"""

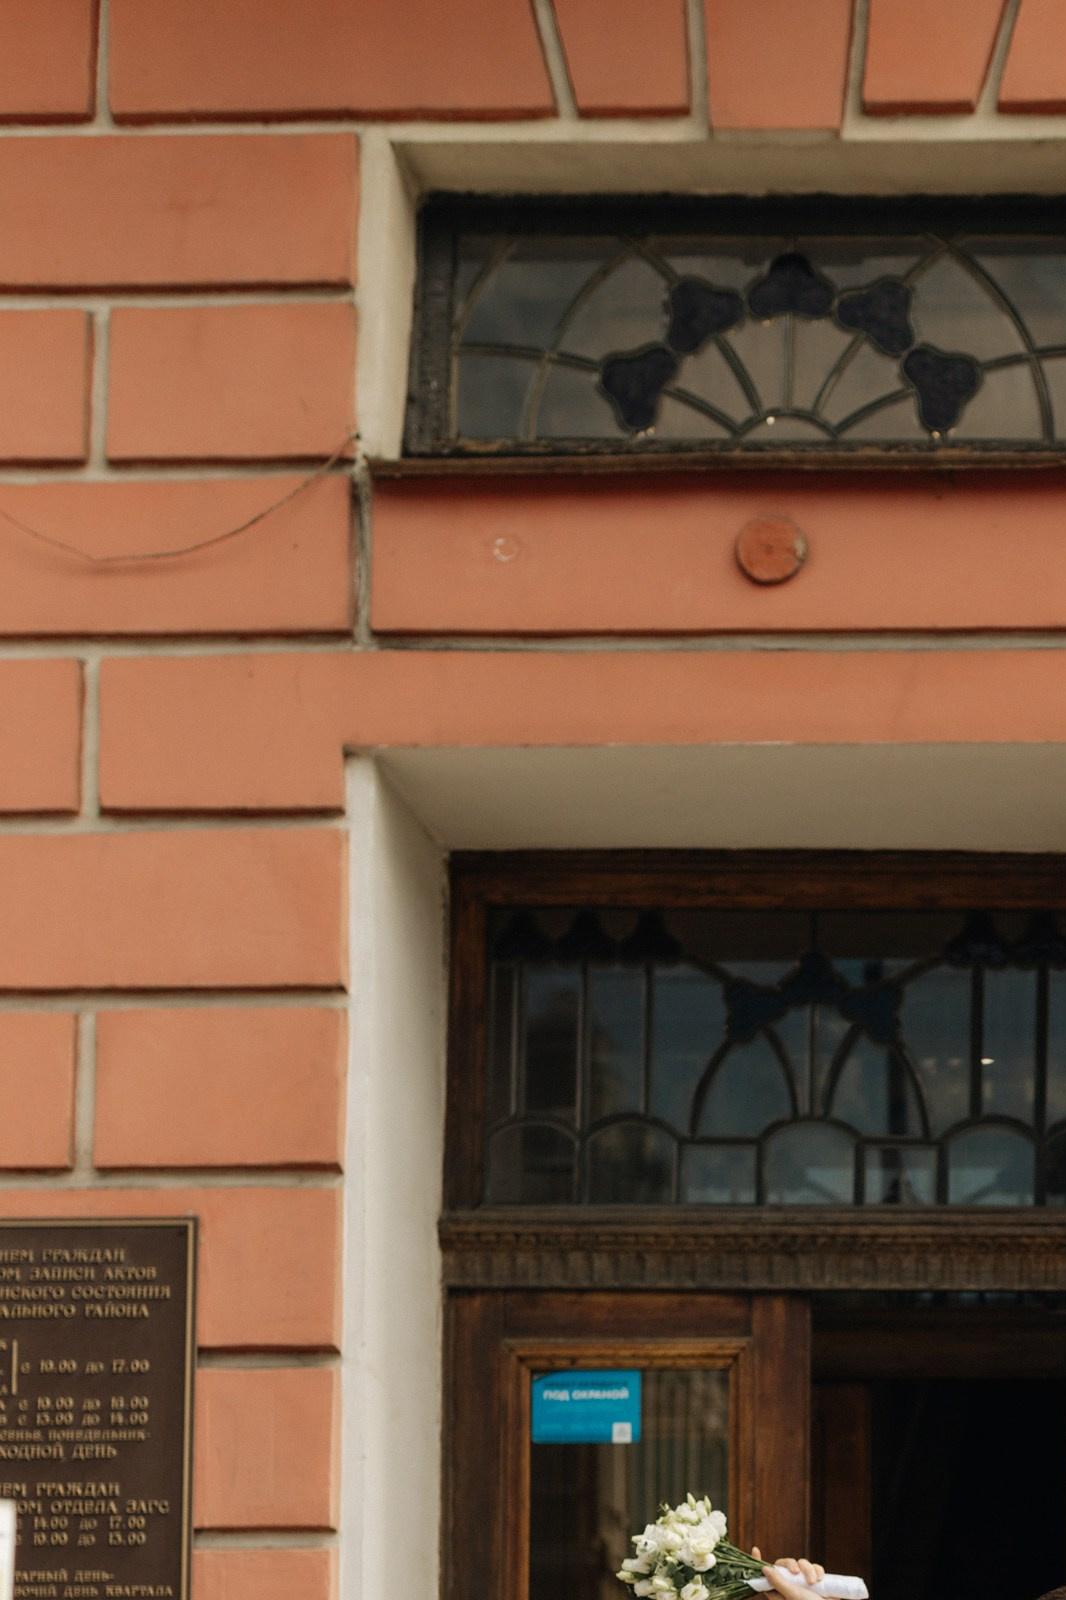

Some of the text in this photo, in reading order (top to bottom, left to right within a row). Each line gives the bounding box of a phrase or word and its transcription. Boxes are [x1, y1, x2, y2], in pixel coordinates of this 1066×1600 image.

[29, 1266, 96, 1281] ЗАПИСИ
[103, 1266, 157, 1281] АКТОВ
[71, 1284, 171, 1300] СОСТОЯНИЯ
[84, 1301, 150, 1318] РАЙОНА
[39, 1358, 78, 1374] 10.00
[112, 1358, 150, 1374] 17.00
[37, 1396, 75, 1411] 10.00
[71, 1444, 118, 1461] ДЕНЬ
[36, 1482, 121, 1498] ГРАЖДАН
[50, 1500, 119, 1516] ОТДЕЛА
[125, 1500, 170, 1515] ЗАГС
[109, 1515, 146, 1530] 17.00
[33, 1531, 69, 1546] 10.00
[63, 1585, 99, 1599] ДЕНЬ
[105, 1585, 174, 1598] КВАРТАЛА
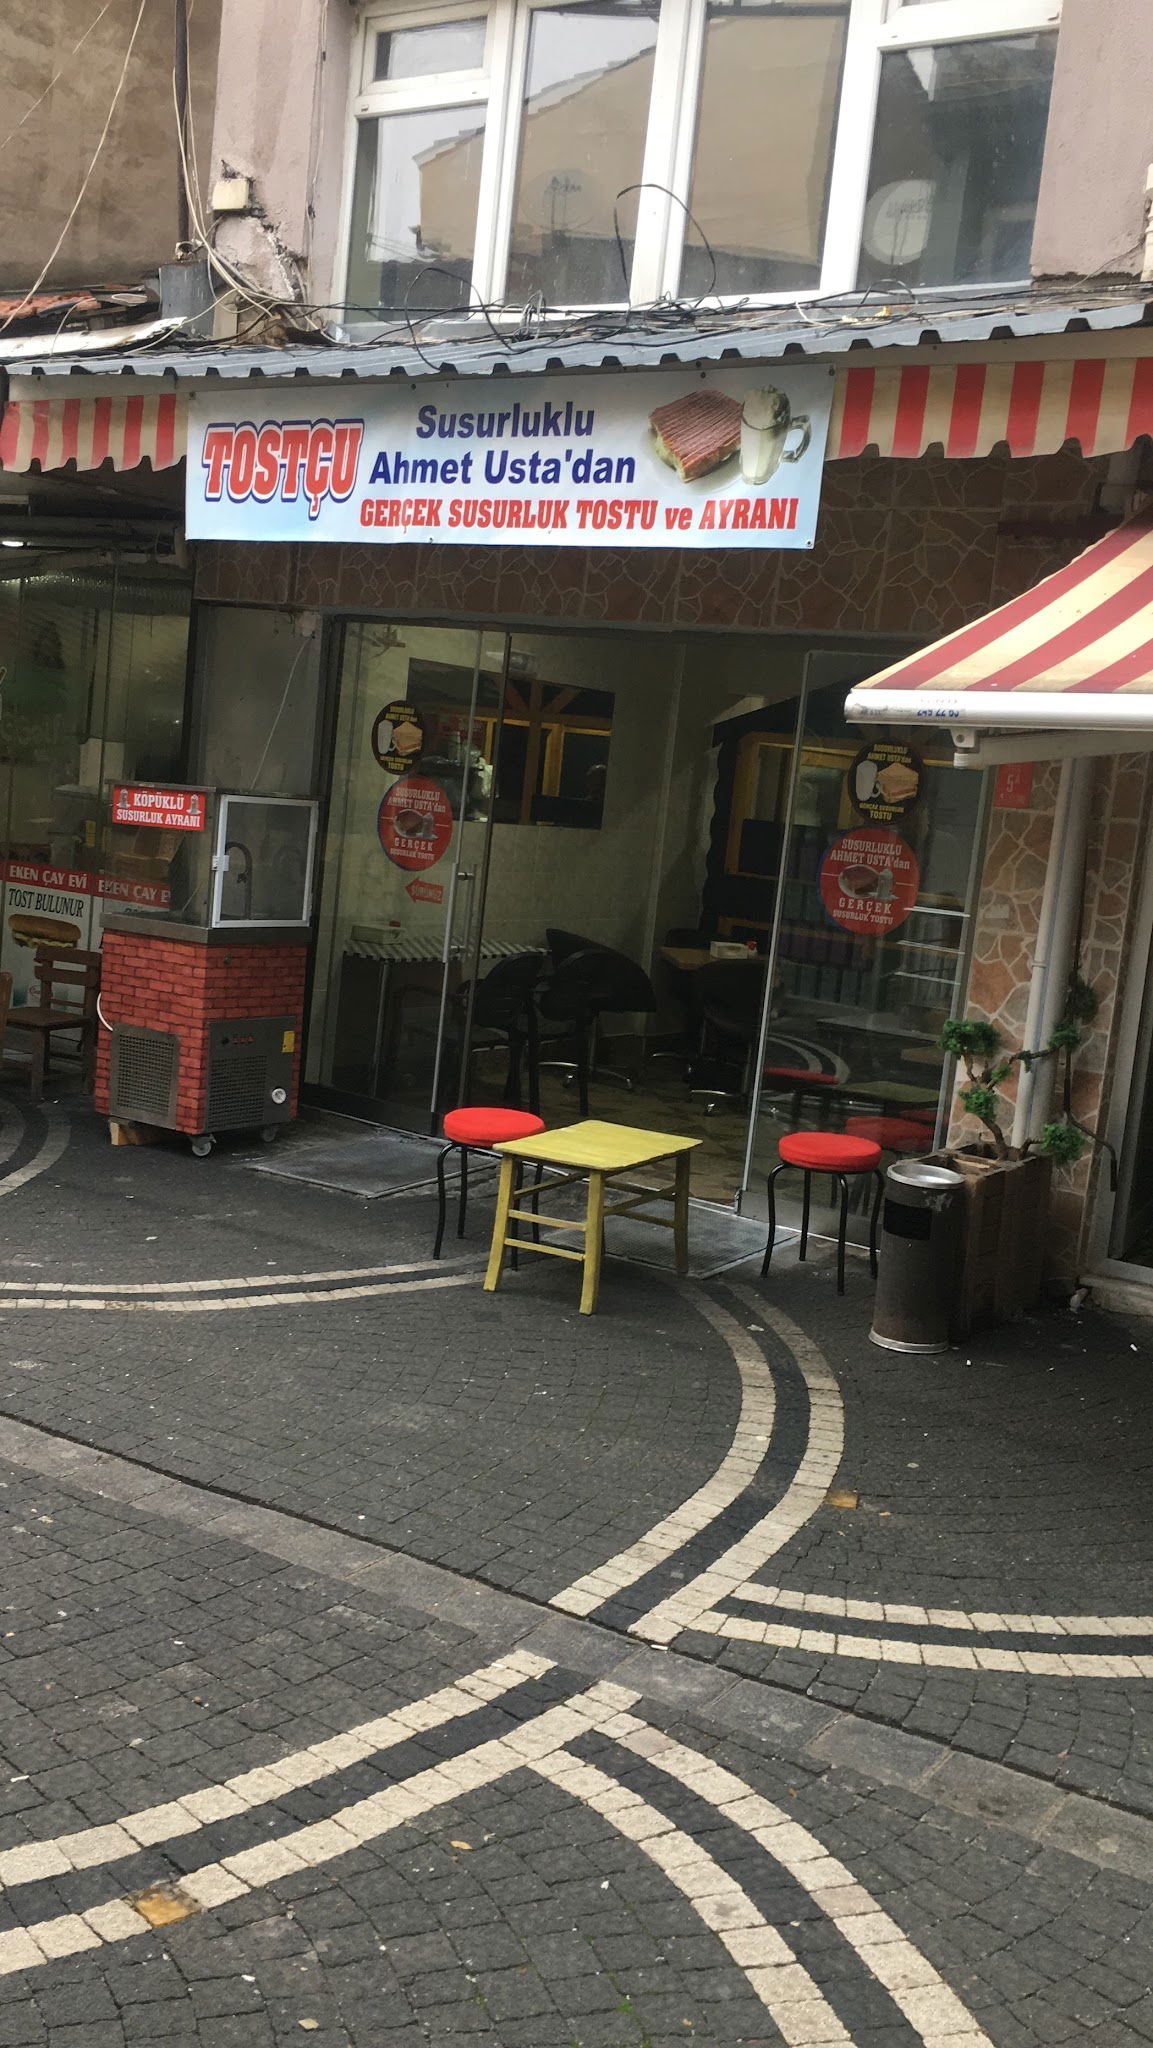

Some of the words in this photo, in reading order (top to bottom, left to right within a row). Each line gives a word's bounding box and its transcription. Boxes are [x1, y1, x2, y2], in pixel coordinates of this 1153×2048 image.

[416, 401, 595, 439] Susurluklu
[202, 418, 364, 521] TOSTÇU
[368, 451, 473, 485] Ahmet
[484, 449, 636, 485] Usta'dan
[360, 499, 441, 533] GERÇEK
[447, 499, 570, 530] SUSURLUK
[576, 500, 658, 530] TOSTU
[664, 507, 692, 530] ve
[699, 498, 799, 530] AYRANI
[133, 791, 184, 810] KÖPÜKLÜ
[116, 809, 163, 824] SUSURLUK
[165, 814, 200, 827] AYRANI
[842, 839, 902, 855] SUSURLUKLU
[830, 849, 865, 863] AHMET
[866, 854, 910, 869] USTA'dan
[9, 865, 39, 881] EKEN
[42, 870, 65, 887] ÇAY
[68, 873, 88, 889] EVİ
[9, 888, 34, 909] TOST
[35, 891, 85, 918] BULUNUR
[839, 897, 892, 914] GERÇEK
[832, 909, 869, 921] SUSURLUK
[870, 915, 893, 925] TOSTU
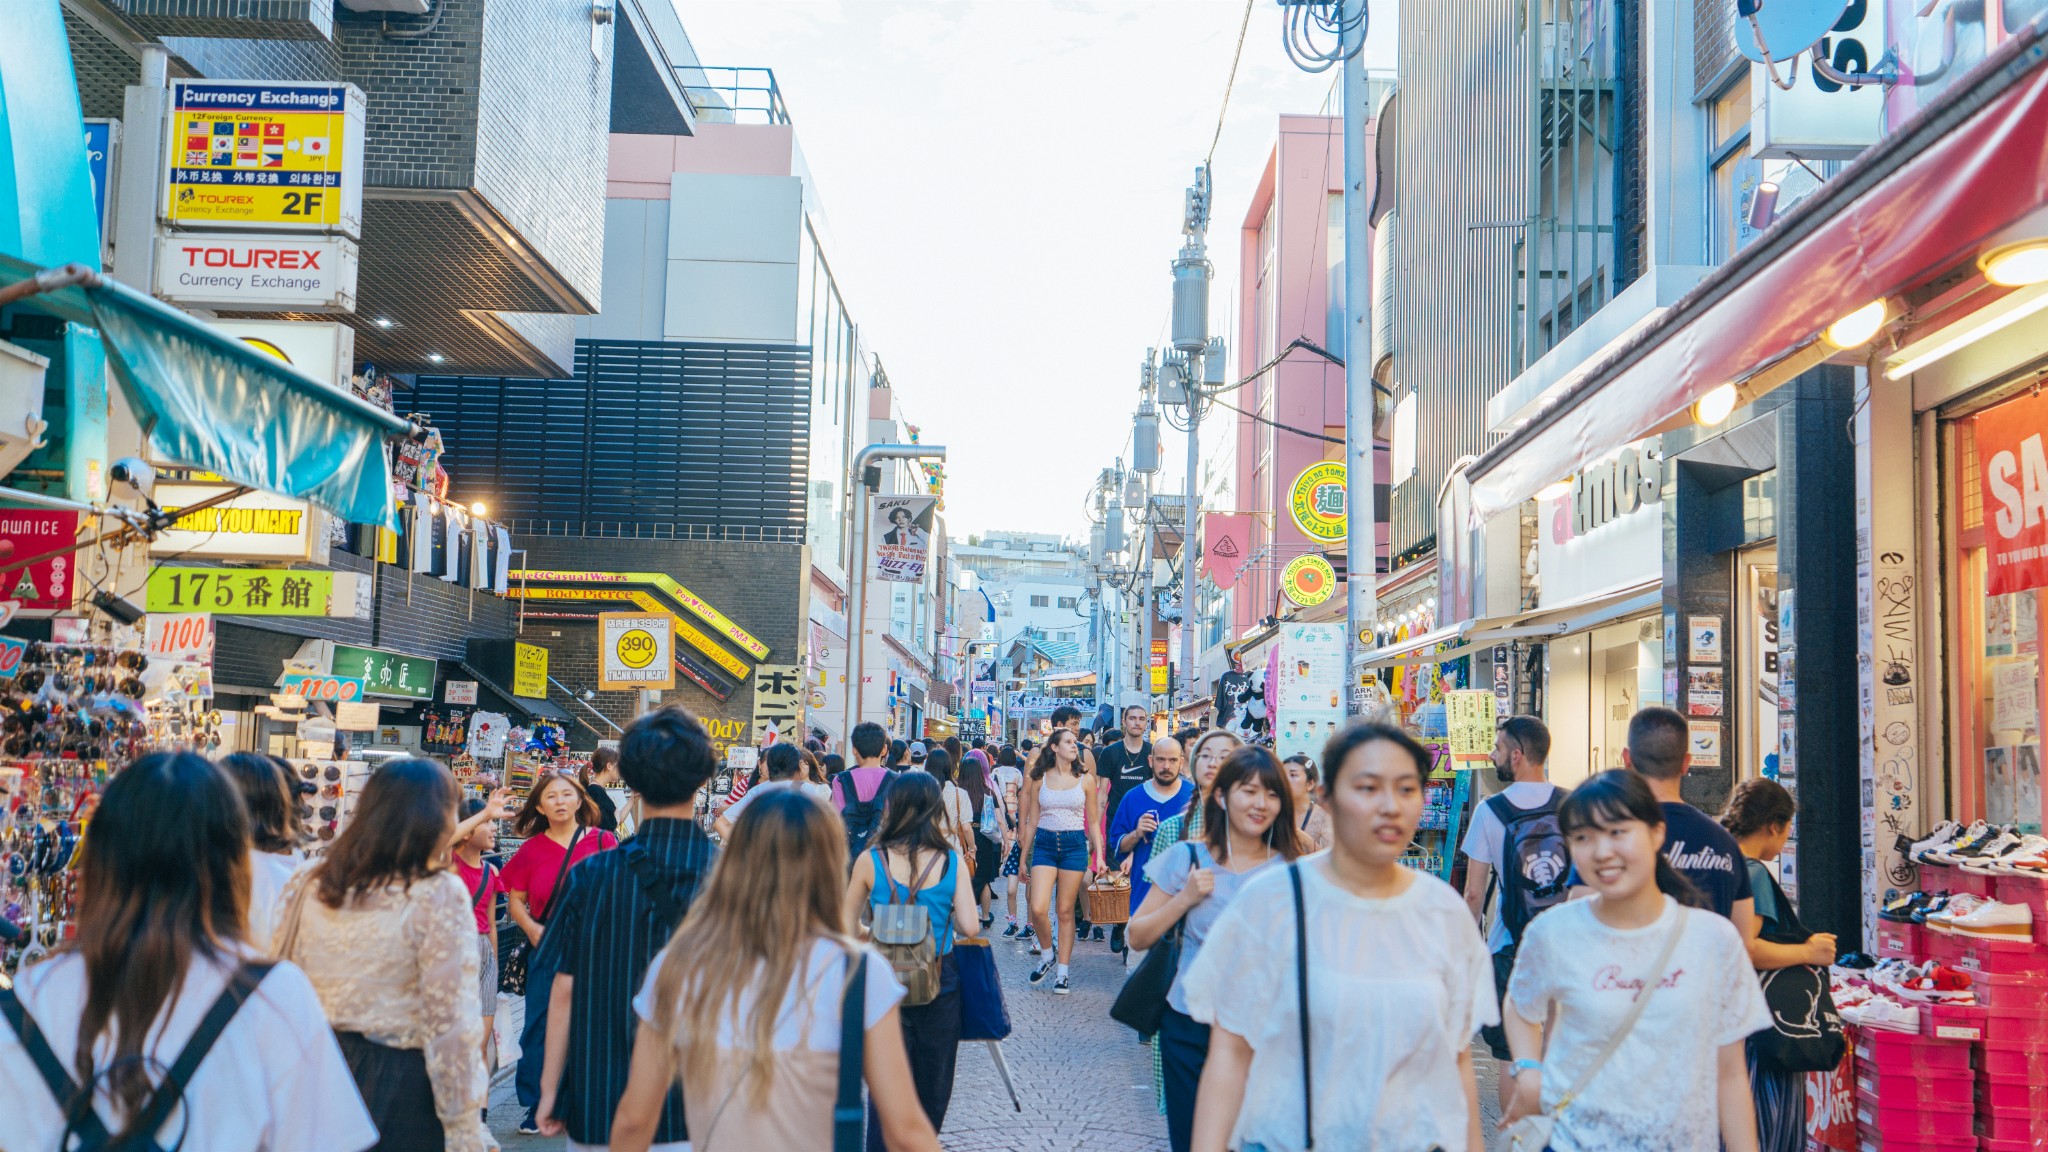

"""

Write every line above again exactly, but leave the pictures out.

Result of this exercise:
Some of the text in this photo, in reading order (top to bottom, left to right within a row). Each line gives the bounding box of a phrase or word and its transcription. Boxes are [x1, y1, x2, y2], in pixel coordinates of this 1066×1600 image.

[29, 1266, 96, 1281] ЗАПИСИ
[103, 1266, 157, 1281] АКТОВ
[71, 1284, 171, 1300] СОСТОЯНИЯ
[84, 1301, 150, 1318] РАЙОНА
[39, 1358, 78, 1374] 10.00
[112, 1358, 150, 1374] 17.00
[37, 1396, 75, 1411] 10.00
[71, 1444, 118, 1461] ДЕНЬ
[36, 1482, 121, 1498] ГРАЖДАН
[50, 1500, 119, 1516] ОТДЕЛА
[125, 1500, 170, 1515] ЗАГС
[109, 1515, 146, 1530] 17.00
[33, 1531, 69, 1546] 10.00
[63, 1585, 99, 1599] ДЕНЬ
[105, 1585, 174, 1598] КВАРТАЛА

Some of the words in this photo, in reading order (top to bottom, left to right within a row). Each line gives a word's bounding box and its transcription. Boxes are [x1, y1, x2, y2], in pixel coordinates of this 1153×2048 image.

[416, 401, 595, 439] Susurluklu
[202, 418, 364, 521] TOSTÇU
[368, 451, 473, 485] Ahmet
[484, 449, 636, 485] Usta'dan
[360, 499, 441, 533] GERÇEK
[447, 499, 570, 530] SUSURLUK
[576, 500, 658, 530] TOSTU
[664, 507, 692, 530] ve
[699, 498, 799, 530] AYRANI
[133, 791, 184, 810] KÖPÜKLÜ
[116, 809, 163, 824] SUSURLUK
[165, 814, 200, 827] AYRANI
[842, 839, 902, 855] SUSURLUKLU
[830, 849, 865, 863] AHMET
[866, 854, 910, 869] USTA'dan
[9, 865, 39, 881] EKEN
[42, 870, 65, 887] ÇAY
[68, 873, 88, 889] EVİ
[9, 888, 34, 909] TOST
[35, 891, 85, 918] BULUNUR
[839, 897, 892, 914] GERÇEK
[832, 909, 869, 921] SUSURLUK
[870, 915, 893, 925] TOSTU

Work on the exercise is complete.